# [Required action]
Set the data below down again, exactly, with every picture left out.

-- Provided data follows --

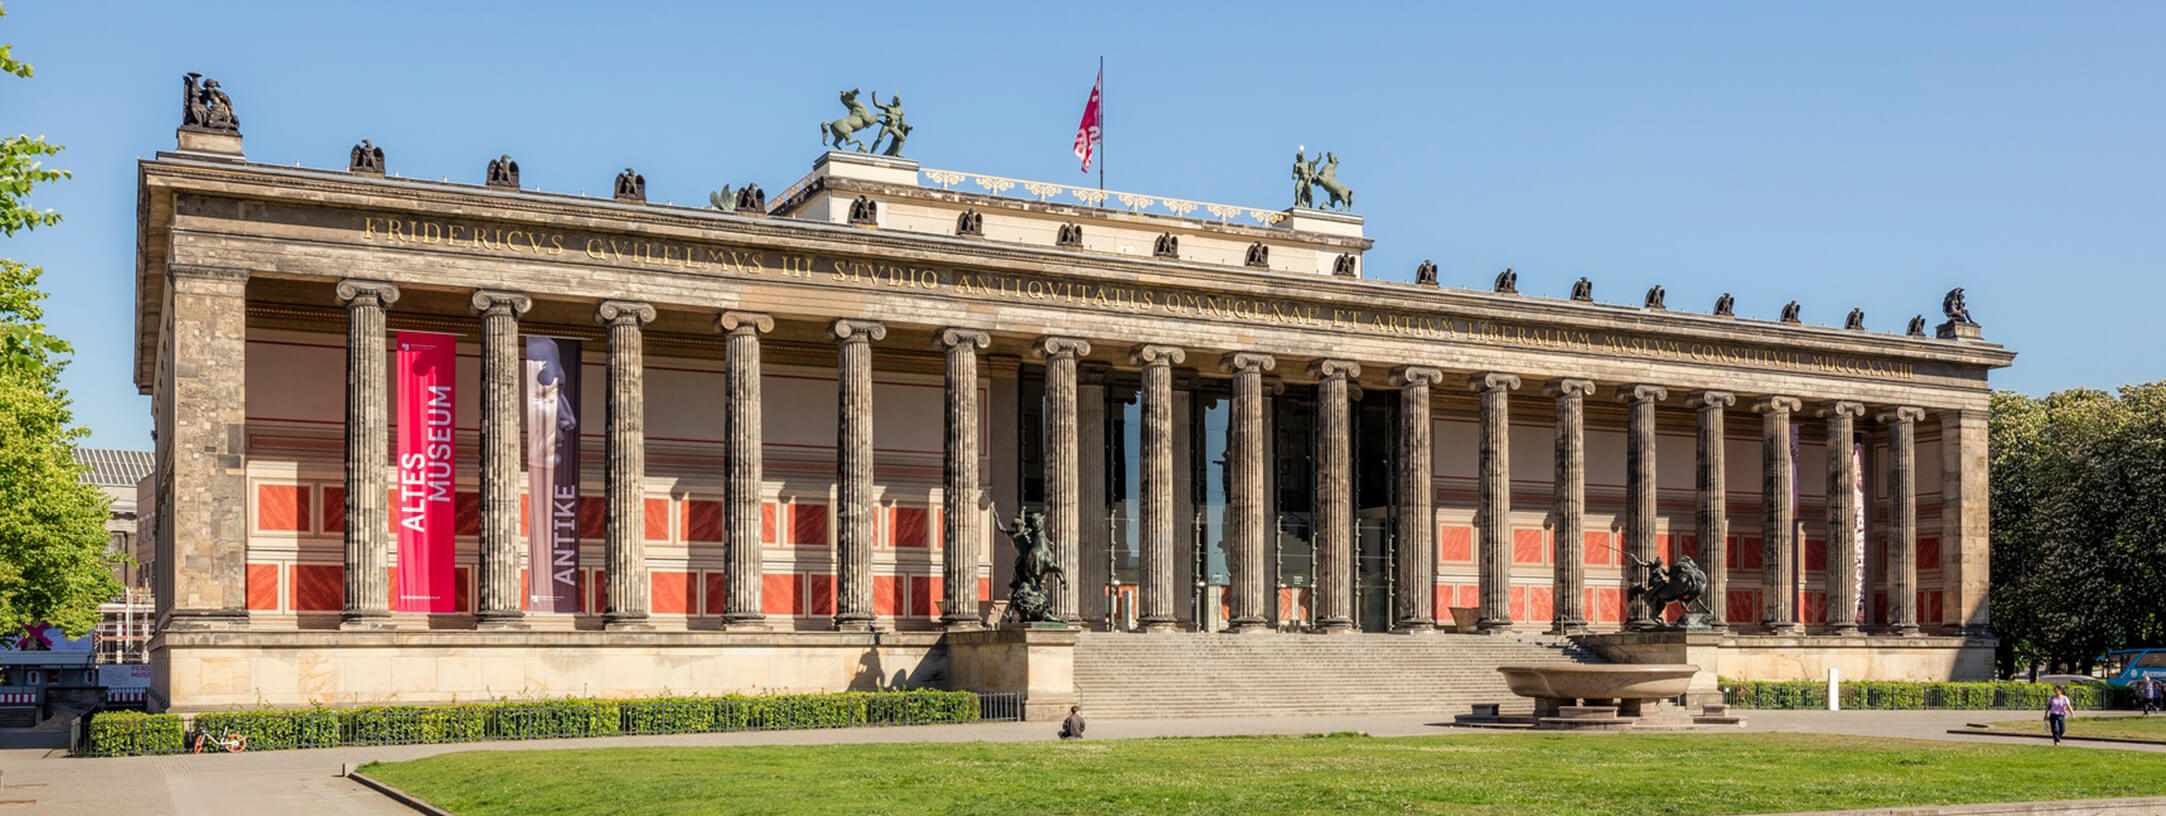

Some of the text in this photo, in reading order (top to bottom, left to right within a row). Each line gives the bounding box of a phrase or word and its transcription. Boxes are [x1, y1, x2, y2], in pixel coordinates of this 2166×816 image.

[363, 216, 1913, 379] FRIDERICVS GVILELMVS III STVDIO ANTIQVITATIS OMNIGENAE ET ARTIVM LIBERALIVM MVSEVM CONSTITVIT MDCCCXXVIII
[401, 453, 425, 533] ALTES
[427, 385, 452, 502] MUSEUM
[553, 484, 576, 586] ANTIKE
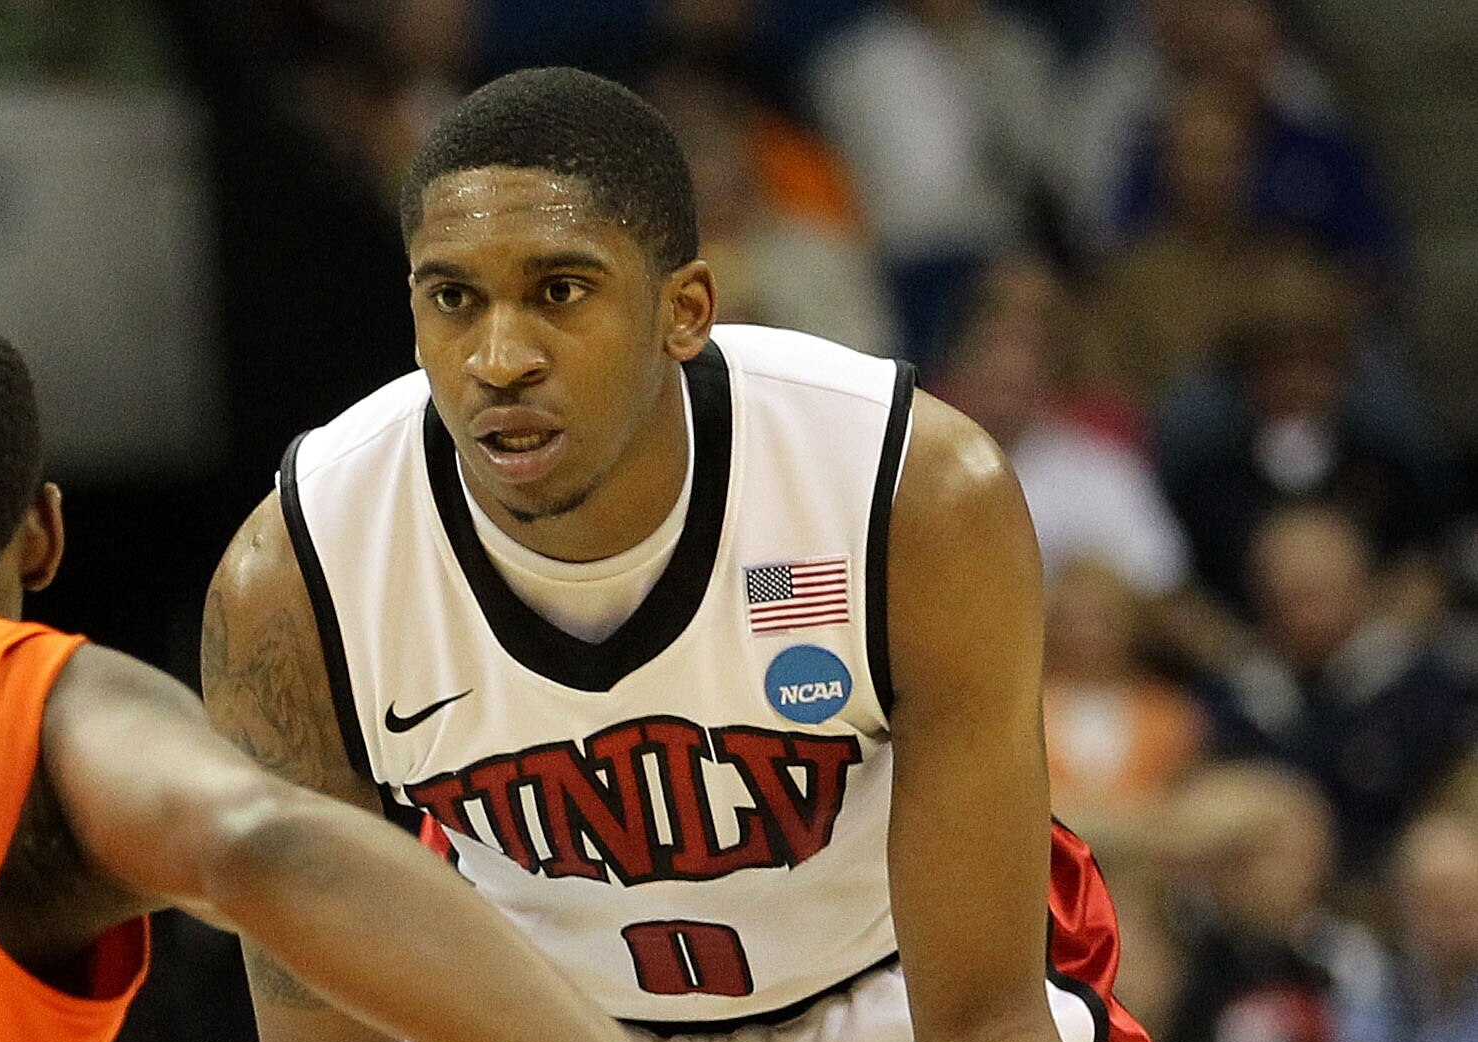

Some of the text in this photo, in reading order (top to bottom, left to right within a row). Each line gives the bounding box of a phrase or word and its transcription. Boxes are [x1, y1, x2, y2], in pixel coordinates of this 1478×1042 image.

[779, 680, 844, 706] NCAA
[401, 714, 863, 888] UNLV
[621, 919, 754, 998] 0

-- Provided data concluded --

# [The answer]
Some of the text in this photo, in reading order (top to bottom, left to right within a row). Each line gives the bounding box of a phrase or word and its transcription. Boxes are [x1, y1, x2, y2], in pixel coordinates of this 2166×816 image.

[363, 216, 1913, 379] FRIDERICVS GVILELMVS III STVDIO ANTIQVITATIS OMNIGENAE ET ARTIVM LIBERALIVM MVSEVM CONSTITVIT MDCCCXXVIII
[401, 453, 425, 533] ALTES
[427, 385, 452, 502] MUSEUM
[553, 484, 576, 586] ANTIKE

Some of the text in this photo, in reading order (top to bottom, left to right within a row). Each line gives the bounding box of a phrase or word and its transcription. Boxes are [x1, y1, x2, y2], in pixel coordinates of this 1478×1042 image.

[779, 680, 844, 706] NCAA
[401, 714, 863, 888] UNLV
[621, 919, 754, 998] 0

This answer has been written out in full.